To show our protocol in action, we provide a downloadable simulator. It can be configured with custom topologies and many of the key parameters of the algorithm are customizable.


The simulator interface shows each node as a small square. The circular sensing area around each node is drawn with a circle. When the node is active (awake), its center is yellow and its sensing area highlighted. When the same area is sensed by two nodes which are active at the same time, it is colored "reddish".

Connectivity between nodes is represented by black lines. Simulator screenshot

In the image above, the leftmost and rightmost nodes are not connected -- however, their sensing areas partially overlap. The current time in the epoch is shown at the upper-right corner of the interface, and cycles with a 3-second period. In the represented configuration, at time 604 the two rightmost nodes are active simultaneously, and the intersection of their sensing areas is highlighted; whereas the leftmost sensor will wake up after 14/1000 of an epoch. When placing the mouse pointer over a node, the "clock" in the upper-right corner graphically shows the part of the epoch during which the node is active.


Right-click to create nodes. They can be dragged around and deleted by dropping them outside the grey rectangular area. The wakeup time of new nodes is initialized randomly. At any time, pressing r randomizes the wakeup time of all sensors. A bad initialization

The figure depicts a rather unfortunate initialization: the three sensors wake up almost simultaneously, and leave most of the epoch uncovered. You can compute the performance measures for the current configuration by pressing m: after a while, the simulator reports data for sensing coverage, average waiting time, time to root and the average number of neighbors. Note that the first two measures are subject to a small statistical noise.

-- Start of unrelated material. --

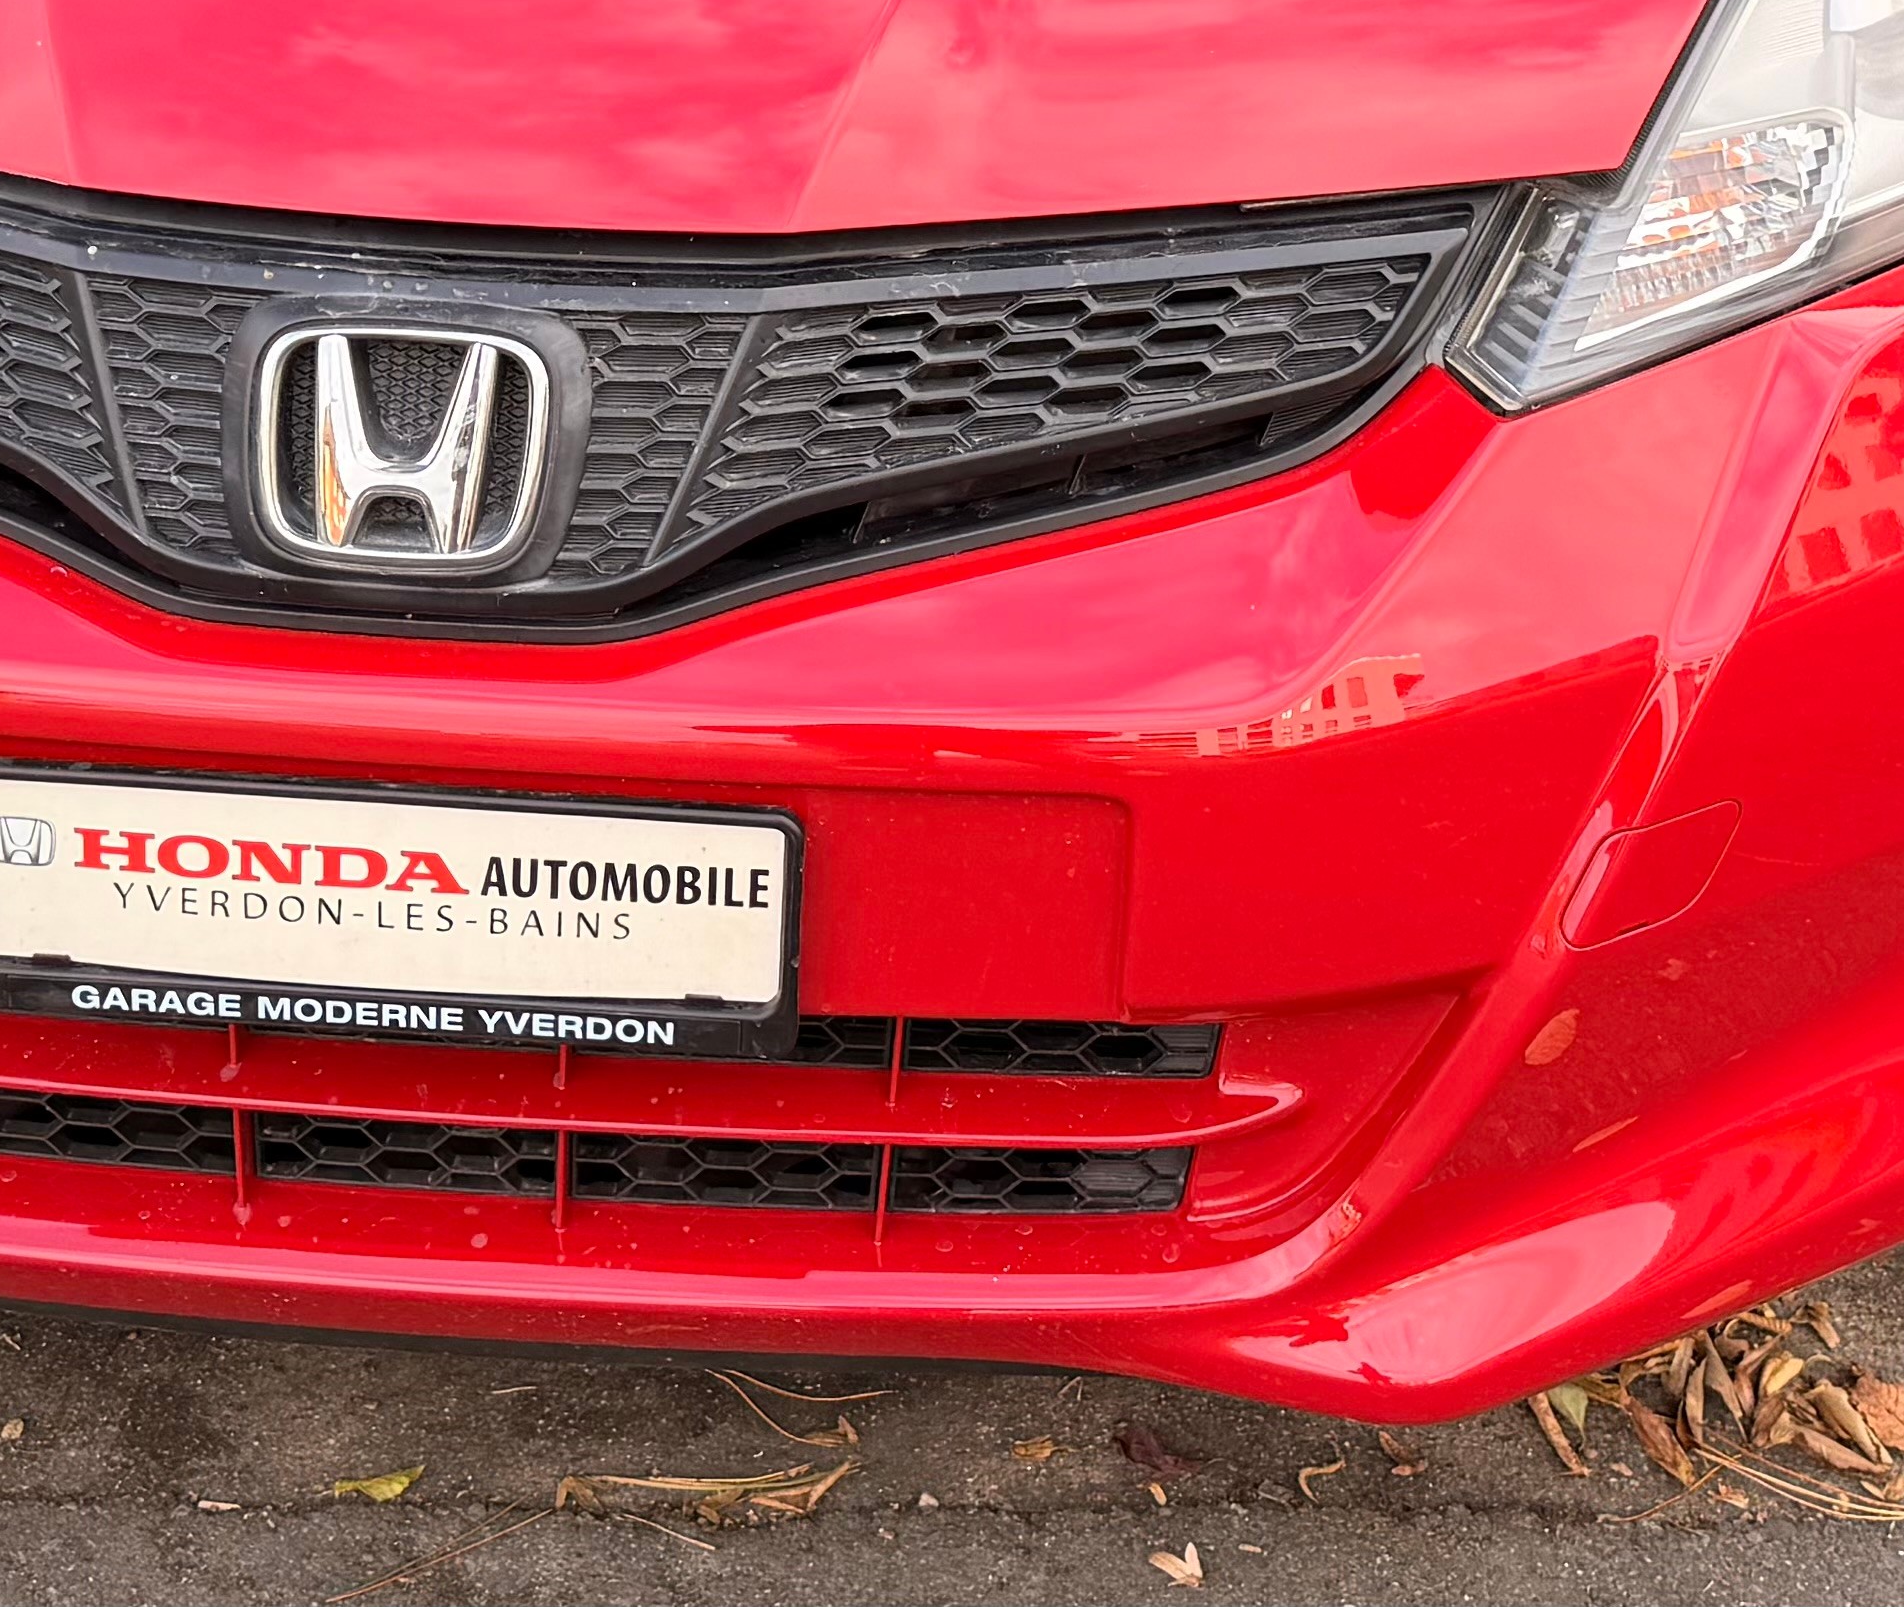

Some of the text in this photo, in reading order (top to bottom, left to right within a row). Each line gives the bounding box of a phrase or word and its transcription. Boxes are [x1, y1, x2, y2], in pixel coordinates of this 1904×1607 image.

[73, 826, 470, 895] HONDA
[480, 855, 770, 909] AUTOMOBILE
[112, 881, 632, 940] YVERDON-LES-BAINS
[70, 984, 676, 1046] GARAGE MODERNE YVERDON

You can run a single calibration iteration by pressing s; note that in the simulator the calibration happens instantaneously, whereas in a real implementation it would have needed one or two epochs. After few iterations the configuration stabilizes as follows: scattered configuration

Compare the new performance measures with the previous ones: sensing coverage has improved (because areas simultaneously covered by multiple sensors are minimized). Also, average waiting time has decreased.

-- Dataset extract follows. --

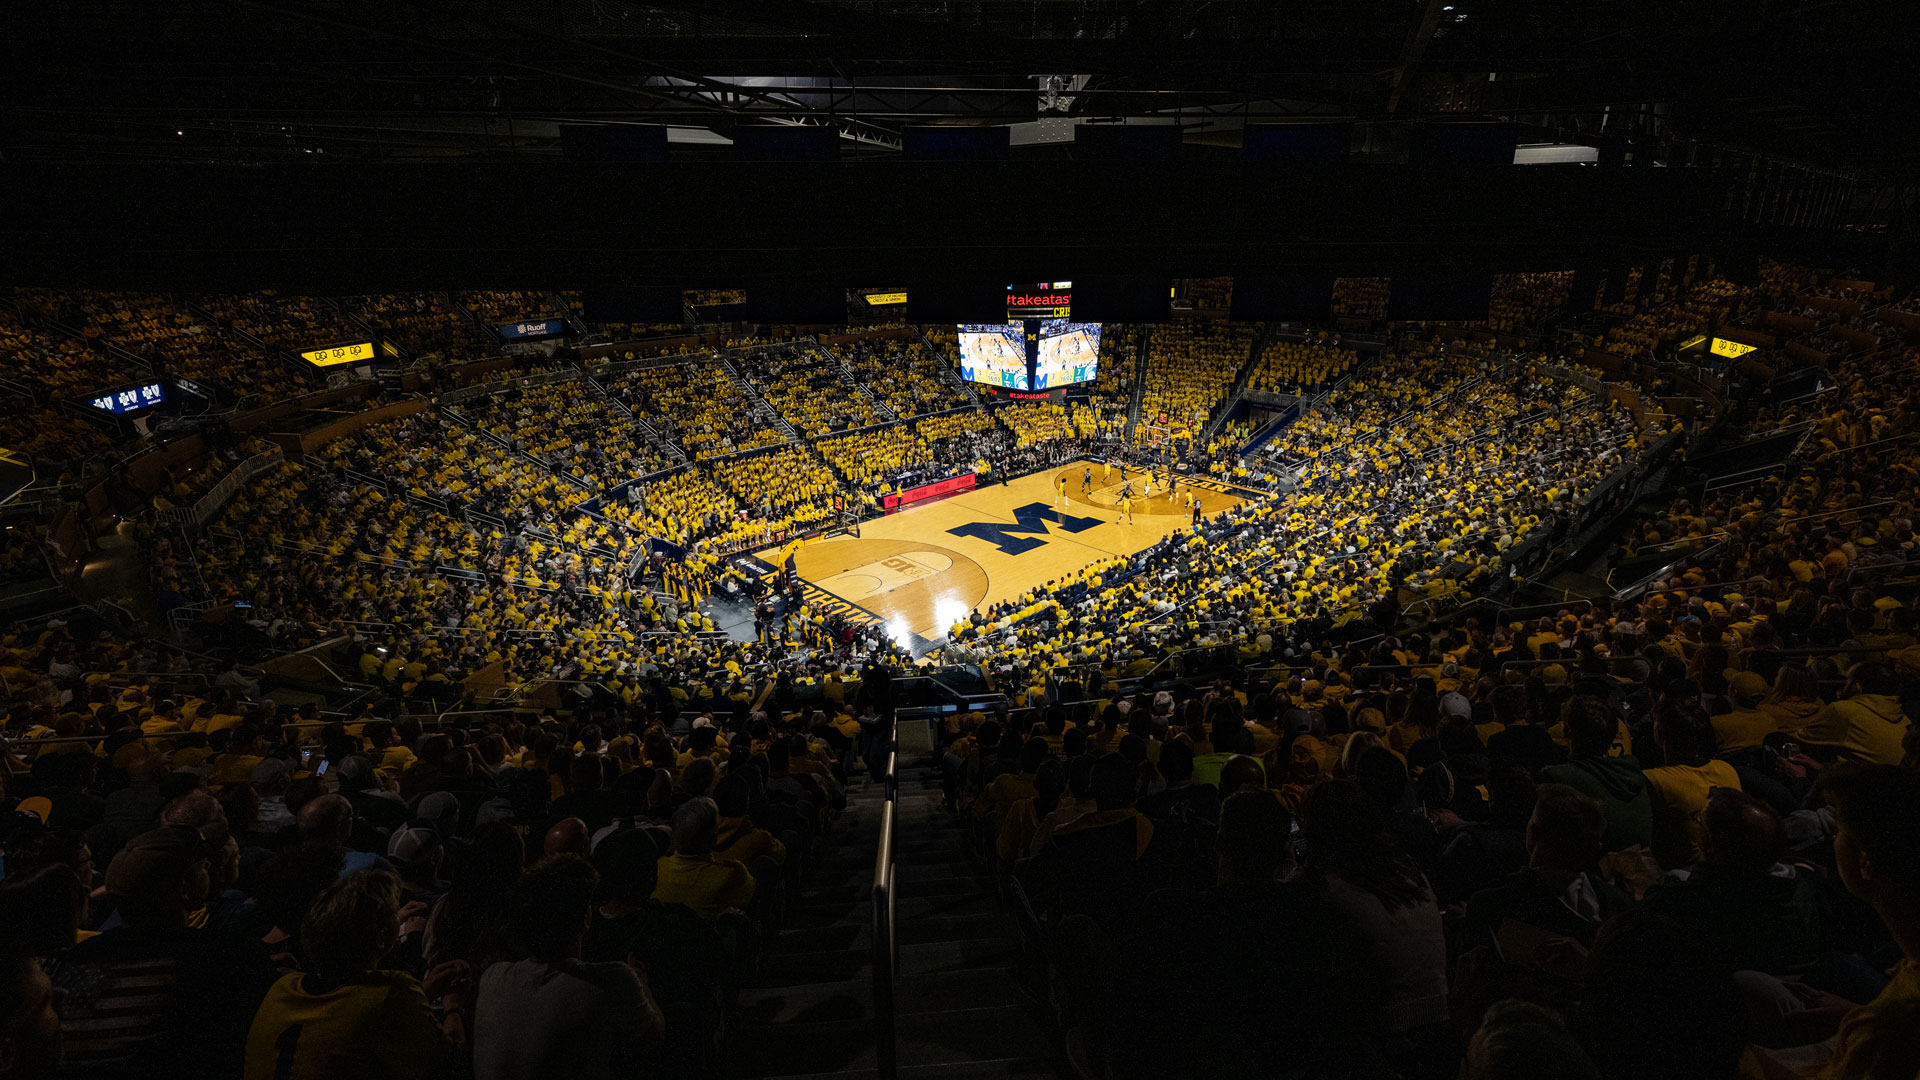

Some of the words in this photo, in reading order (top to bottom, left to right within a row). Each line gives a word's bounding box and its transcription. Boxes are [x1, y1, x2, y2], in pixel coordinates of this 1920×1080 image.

[527, 323, 546, 332] Ruoff
[1027, 333, 1037, 341] M
[945, 501, 1106, 556] M

Clear everything with BACKSPACE and create a sensor grid with g: then SHIFT-click any node in order to build a tree from there. Now additional information is displayed near each sensor: the level of the node in the tree (0 is the root/collection point) and the time a message sent by the node at the end of its awake period takes to reach the root (time to root). Tree over grid topology

The figure shows a tree rooted on the top-left node. Note that the time to root values usually (but not always) increase with the depth in the tree. The tree is automatically destroyed as soon as any potentially topology-changing operation is performed.

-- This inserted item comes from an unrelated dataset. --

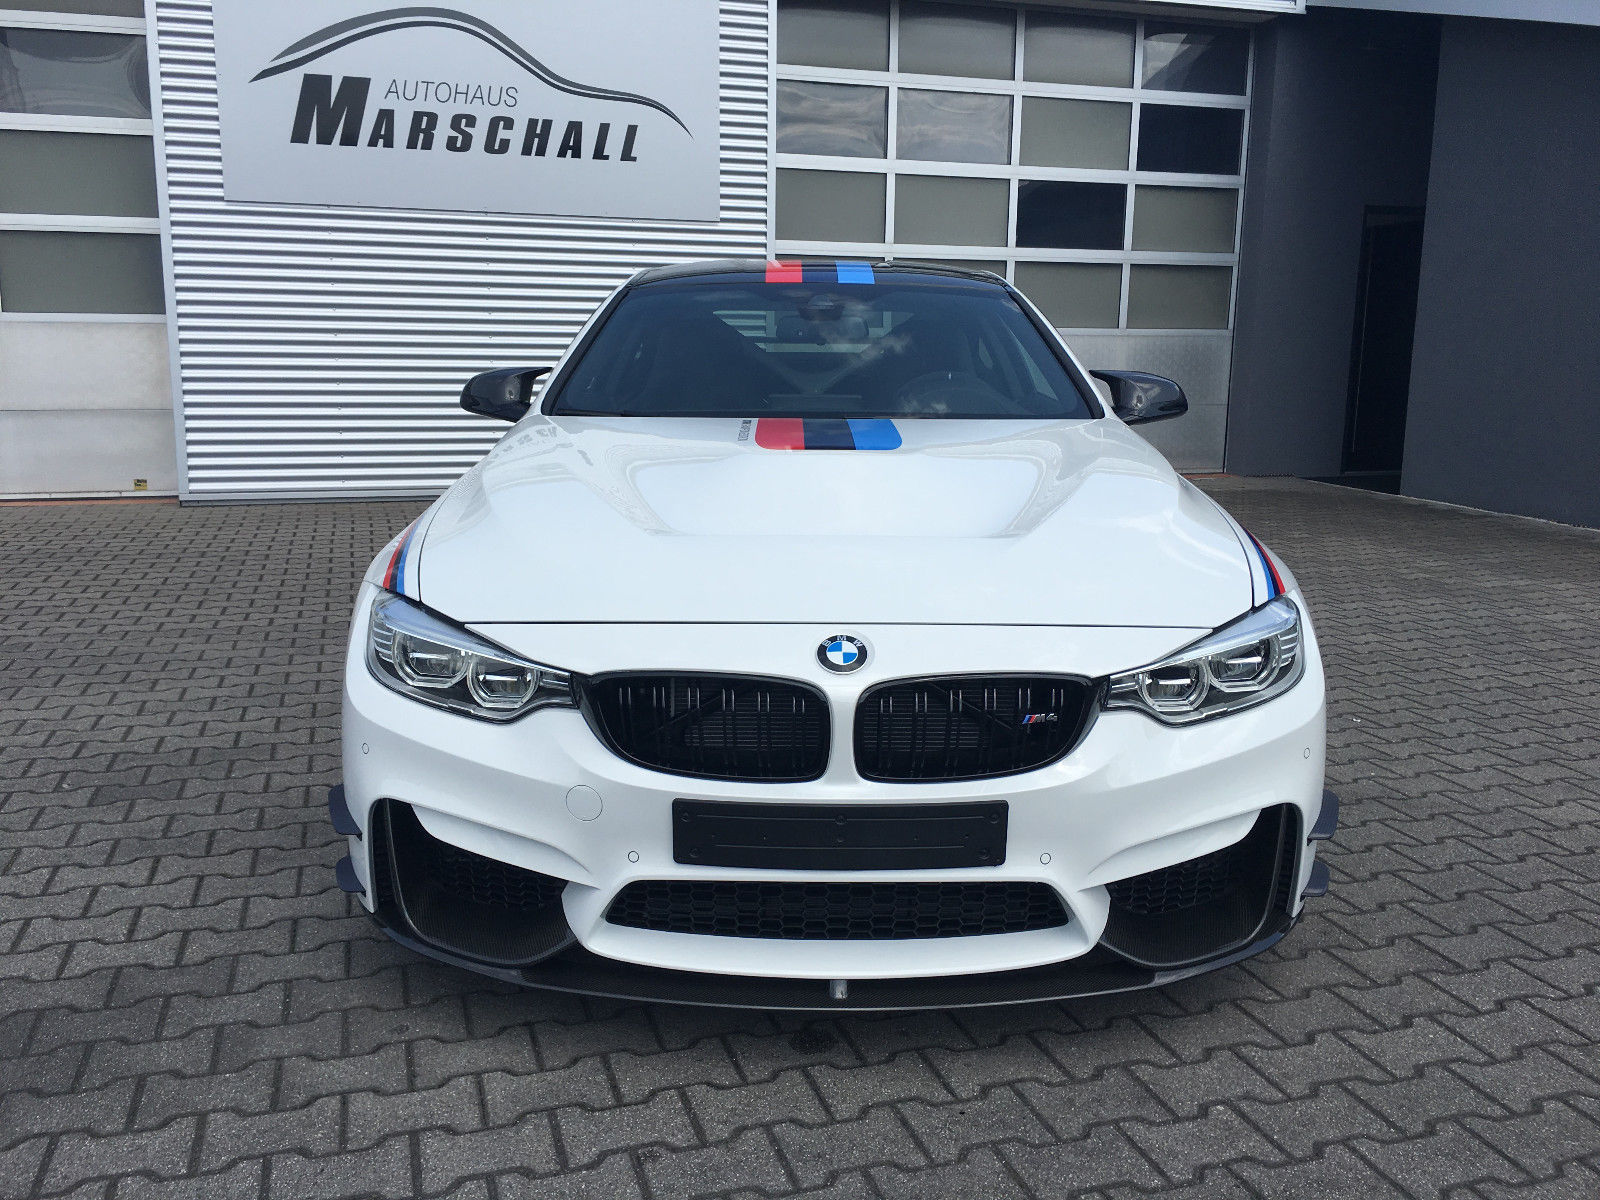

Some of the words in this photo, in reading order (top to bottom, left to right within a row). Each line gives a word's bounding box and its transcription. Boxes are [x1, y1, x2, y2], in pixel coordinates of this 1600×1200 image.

[384, 78, 519, 108] AUTOHAUS
[290, 73, 639, 163] MARSCHALL
[821, 635, 864, 647] BMW
[1029, 713, 1058, 723] M4

The average time to root over all nodes is computed by pressing m. In presence of a tree, calibration iterations implement the probabilistic "jumping" behavior with a fixed beta=.6. Also, the gamma parameter can be tuned with q, a, z and x in order to generate a "waving" pattern towards the root, dramatically decreasing time to root while negatively affecting other performance measures.

To observe this, try setting gamma=.1 with z then triggering several calibration iterations.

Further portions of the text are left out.